Do you think that by using a dishonest trick you will be able to dramatically increase the number of repetitions? Then take a note: any movement that did not begin with the bar touching the chest and did not complete the full extension of the arms without assistance is not considered a repetition at all. This means that you will have nothing to answer the question of the annoying partner in the hall: “So how much, buddy, are you pressing from the chest?”

Partial repetitions are appropriate as part of certain training programs, it is true, but today such issues are beyond our competence. In this article, we are talking exclusively about the correct technique for performing the bench press.

6. Chest trampoline

Fortunately, today I meet this violation much less often than in the old days, and after all, once the guys threw the barbell with their chest, like a soccer ball. This is another form of fraud that is counterproductive and, you better take my word for it, very, very dangerous.

I knew a guy who never held a barbell without bouncing off his chest. Later, he first appeared in the competition and was forced to take a short pause at the bottom. As a result, his pectoral muscles ripped like an old, worn towel.

The descending phase should be smooth and controlled, as if you were compressing a heavy spring.

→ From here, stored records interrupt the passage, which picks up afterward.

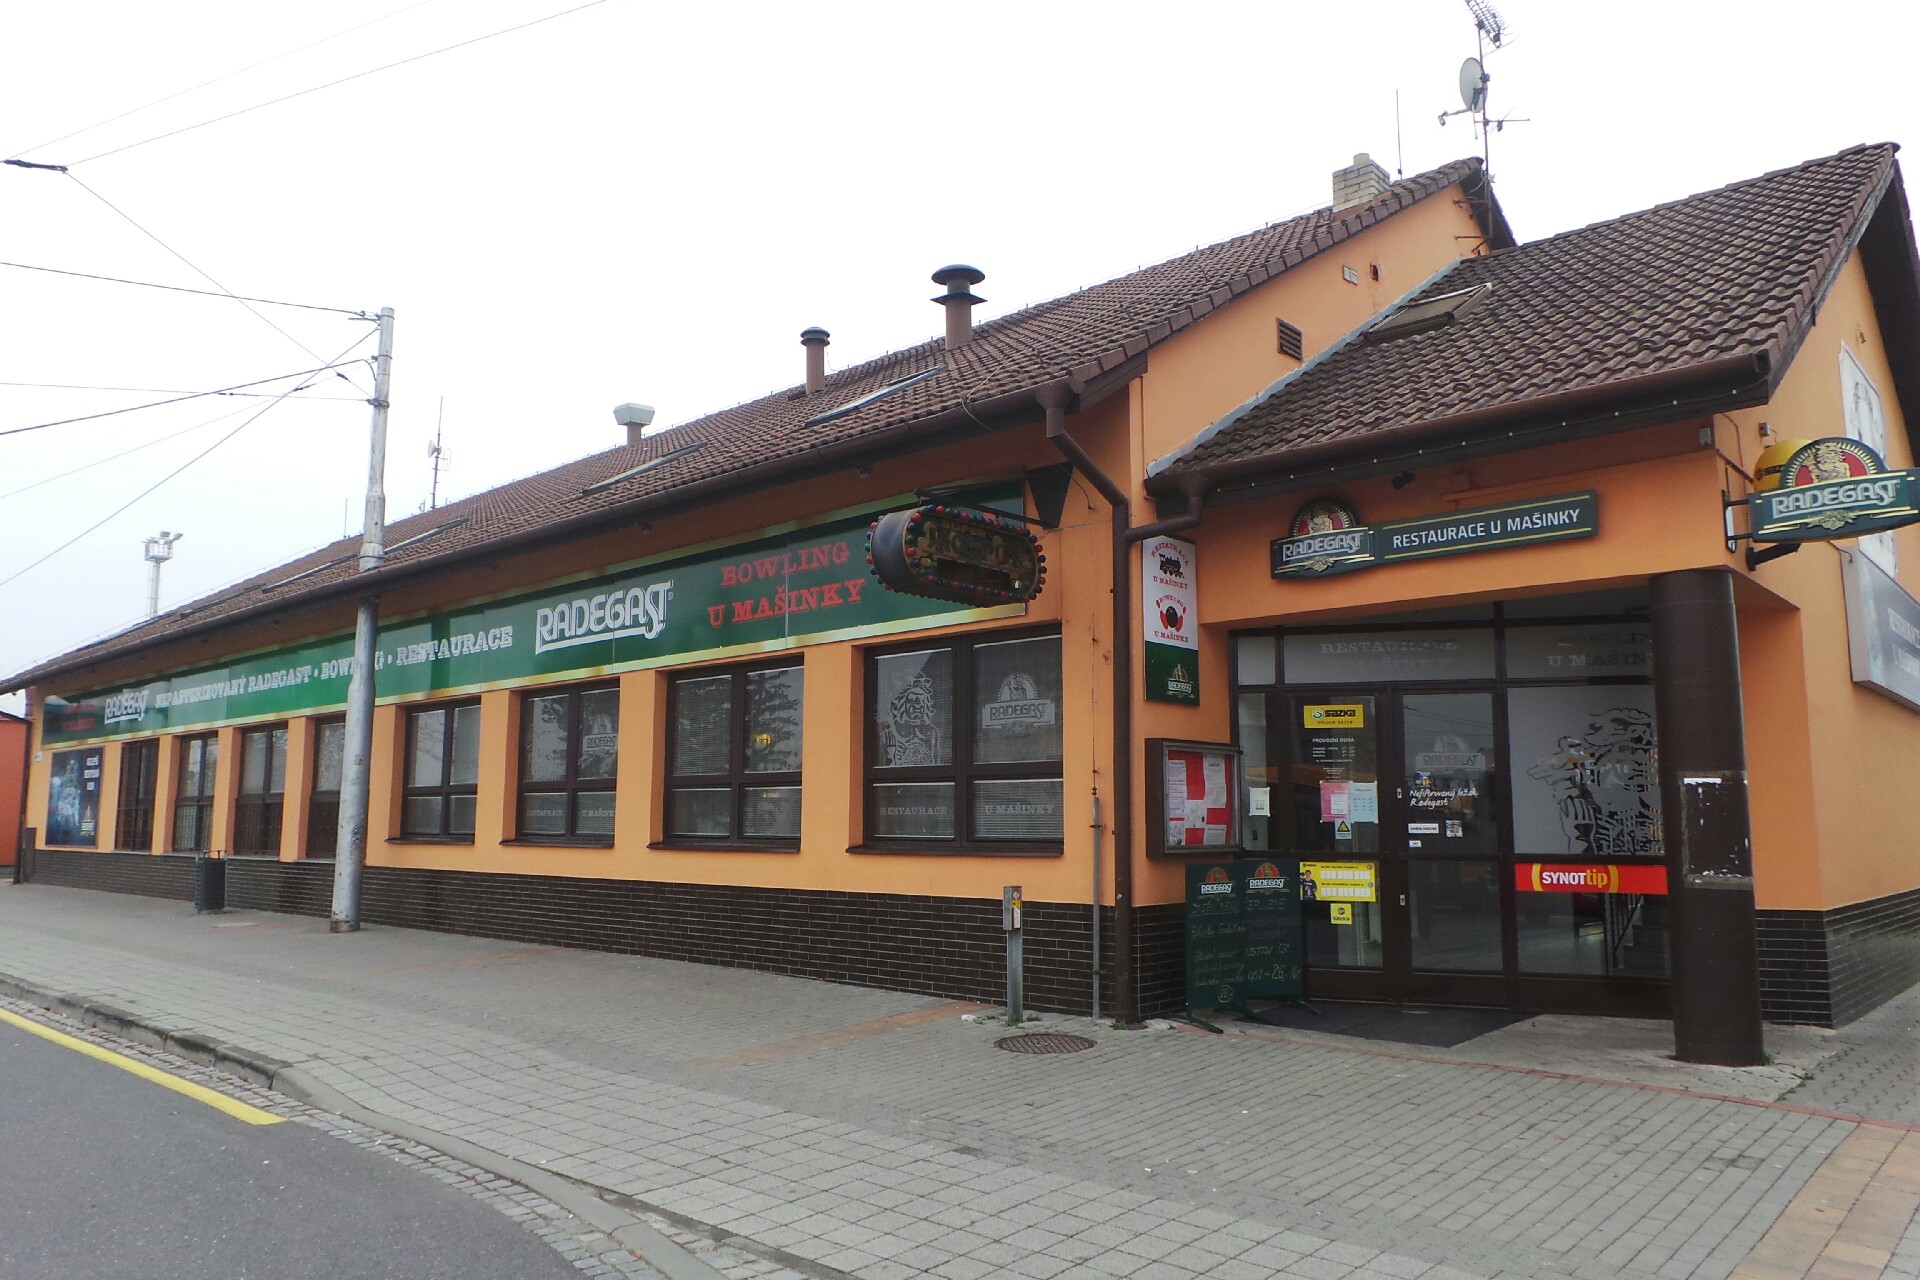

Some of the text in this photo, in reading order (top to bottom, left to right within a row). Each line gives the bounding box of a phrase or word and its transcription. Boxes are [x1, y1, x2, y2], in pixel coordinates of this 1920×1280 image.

[1771, 479, 1901, 519] RADEGAST
[1281, 531, 1364, 562] RADEGAST
[1393, 508, 1580, 549] RESTAURACE U MAŠINKY
[720, 540, 850, 588] BOWLING
[536, 579, 673, 656] RADEGAST
[707, 578, 866, 627] U MAŠINKY
[247, 665, 312, 693] RADEGAST
[396, 626, 513, 667] RESTAURACE
[104, 690, 150, 725] RADEGAST
[989, 702, 1047, 720] RADEGAST
[1410, 799, 1448, 810] Radegast
[1249, 878, 1285, 889] RADEGAST

Not so long ago, an “updated” version of the chest trampoline appeared: the guys drop the barbell, and then convulsively catch the bar a couple of centimeters above the chest. But what does it give them? By shortening the negative phase of the bench press, they deceive themselves, since in its anabolic effect this part of the exercise is in no way inferior to the positive phase.

Imagine this analogy: the downdraft phase should be smooth and controlled, as if you were compressing a heavy spring. When the barbell touches the ribcage, the spring begins to straighten out, helping you to overcome the dead center.

7. Too much weight

This chronic infection has hit every gym on the planet. I have to hold back as hard as I can not to scream, “Are you doing the bench press or are you helping the belayer do the vertical deadlift?”

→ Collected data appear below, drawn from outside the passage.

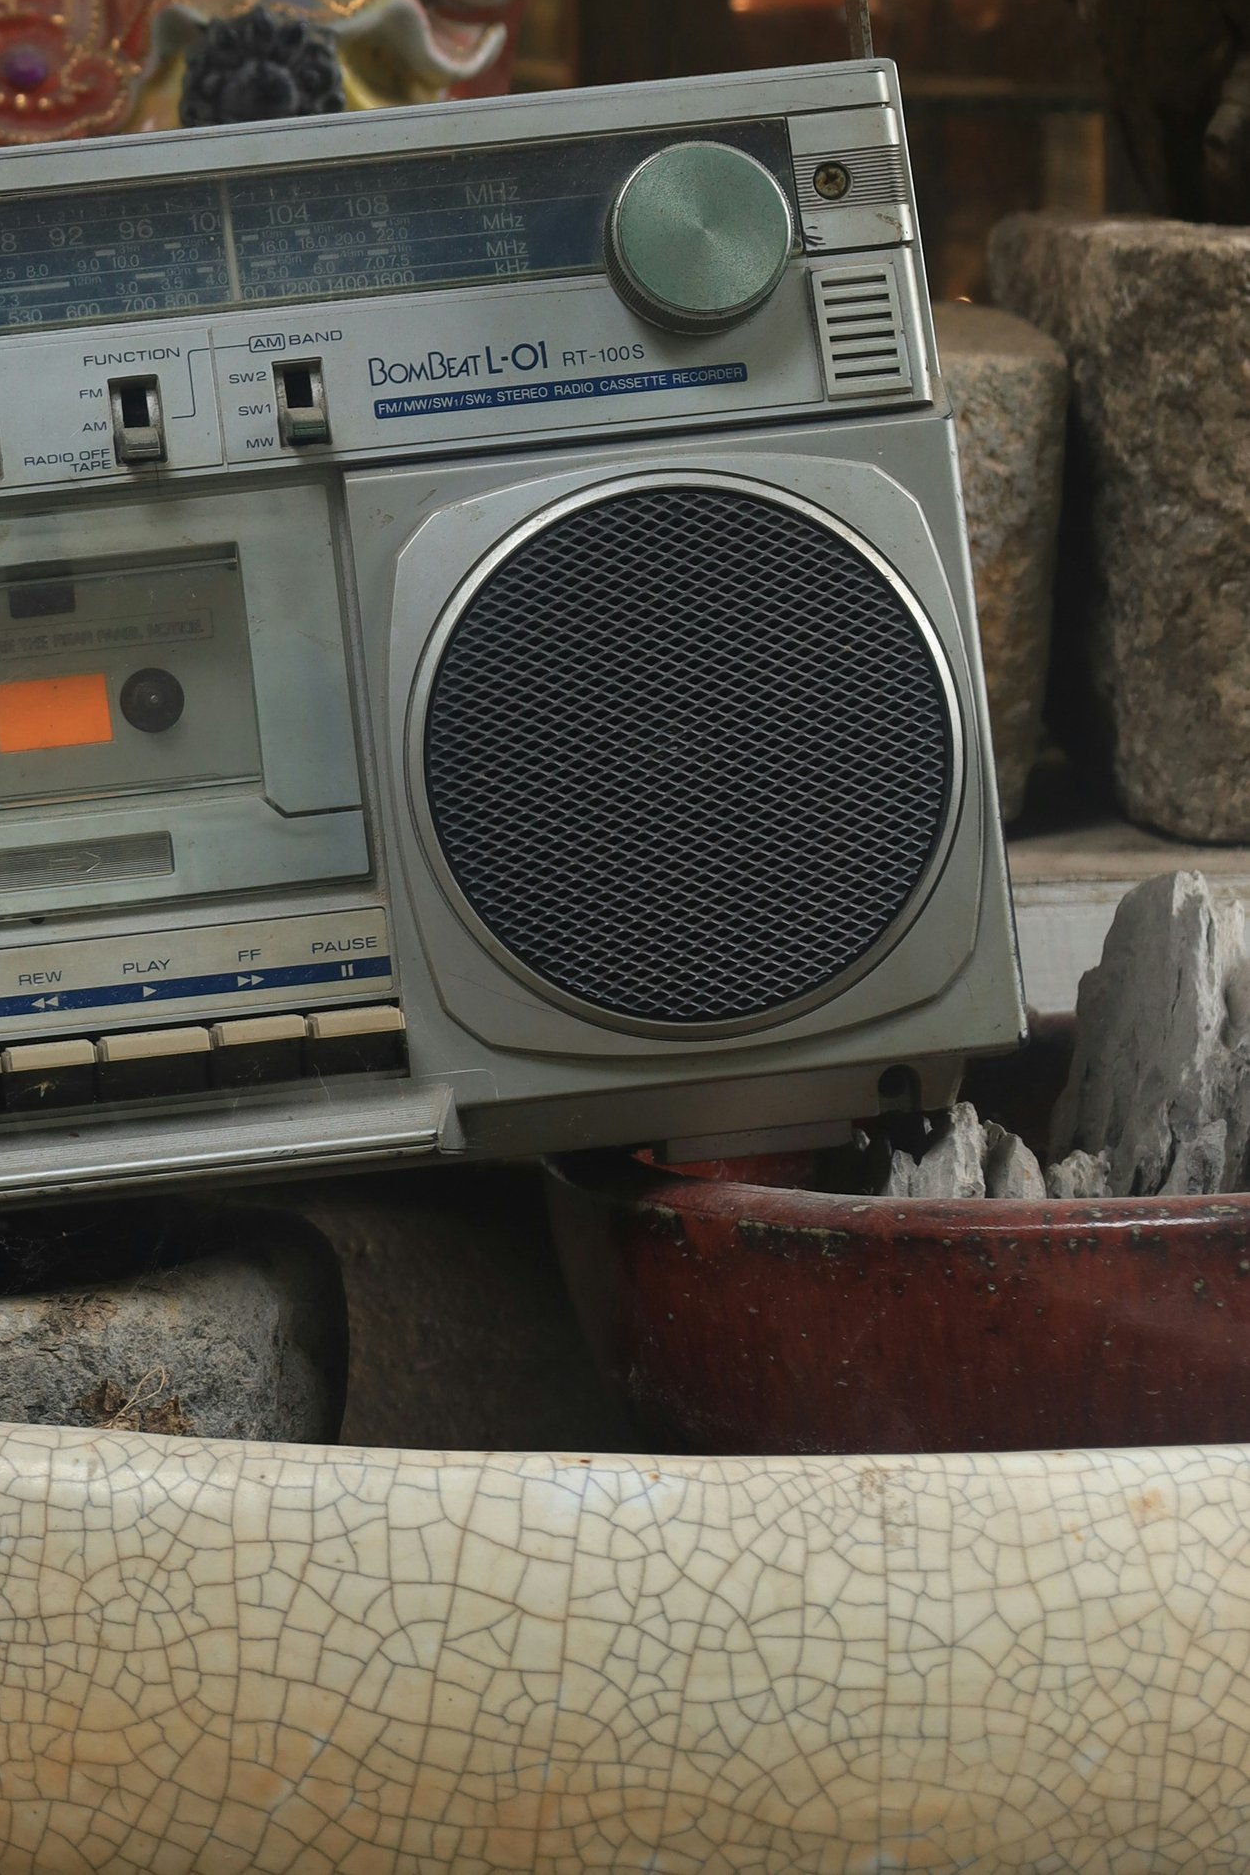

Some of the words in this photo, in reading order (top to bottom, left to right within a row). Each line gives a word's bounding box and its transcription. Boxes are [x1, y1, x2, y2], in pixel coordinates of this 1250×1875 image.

[49, 226, 83, 247] 92
[119, 219, 153, 240] 96
[266, 204, 310, 225] 104
[345, 195, 390, 217] 108
[464, 182, 522, 205] MHz
[26, 264, 49, 278] 8.0
[78, 258, 100, 272] 9.0
[112, 254, 140, 269] 10.0
[170, 248, 199, 263] 12.0
[261, 239, 288, 252] 16.0
[300, 235, 328, 249] 18.0
[335, 231, 365, 245] 20.0
[377, 227, 408, 241] 22.0
[483, 212, 525, 230] MHz
[115, 281, 138, 295] 3.0
[160, 276, 183, 290] 3.5
[205, 271, 228, 285] 4.0
[313, 261, 335, 275] 6.0
[365, 256, 385, 270] 7.0
[389, 253, 410, 267] 7.5
[486, 239, 527, 257] MHz
[8, 309, 43, 324] 530
[66, 302, 100, 318] 600
[123, 296, 156, 312] 700
[165, 291, 199, 306] 800
[279, 279, 321, 296] 1200
[328, 274, 368, 291] 1400
[373, 269, 415, 286] 1600
[494, 258, 528, 275] kHz
[253, 336, 282, 350] AM
[289, 330, 342, 346] BAND
[83, 347, 180, 367] FUNCTION
[562, 344, 645, 367] RT-100S
[229, 371, 267, 384] SW2
[497, 386, 548, 403] STEREO
[554, 382, 594, 396] RADIO
[600, 375, 668, 392] CASSETTE
[672, 367, 743, 384] RECORDER
[79, 388, 103, 400] FM
[238, 404, 272, 416] SW1
[82, 421, 108, 432] AM
[246, 437, 274, 449] MW
[24, 452, 75, 467] RADIO
[79, 448, 111, 460] OFF
[70, 460, 112, 474] TAPE
[311, 936, 379, 954] PAUSE
[238, 948, 262, 962] FF
[122, 958, 171, 974] PLAY
[18, 970, 63, 986] REW

Десять ужасных ошибок в жиме лежа

If you are helping a partner, do not let the bar stop.

Trying to finish an 8-rep set with a working weight that you can lift no more than two times without assistance? Take it easy, buddy, literally – take it easy! You should do one, aximum two reps with the help of a spotter, and before that at least five on your own; it is only for these two final movements that an assistant is needed.

And if you’re helping a partner, don’t let the bar stop. Always keep the projectile forward to the top.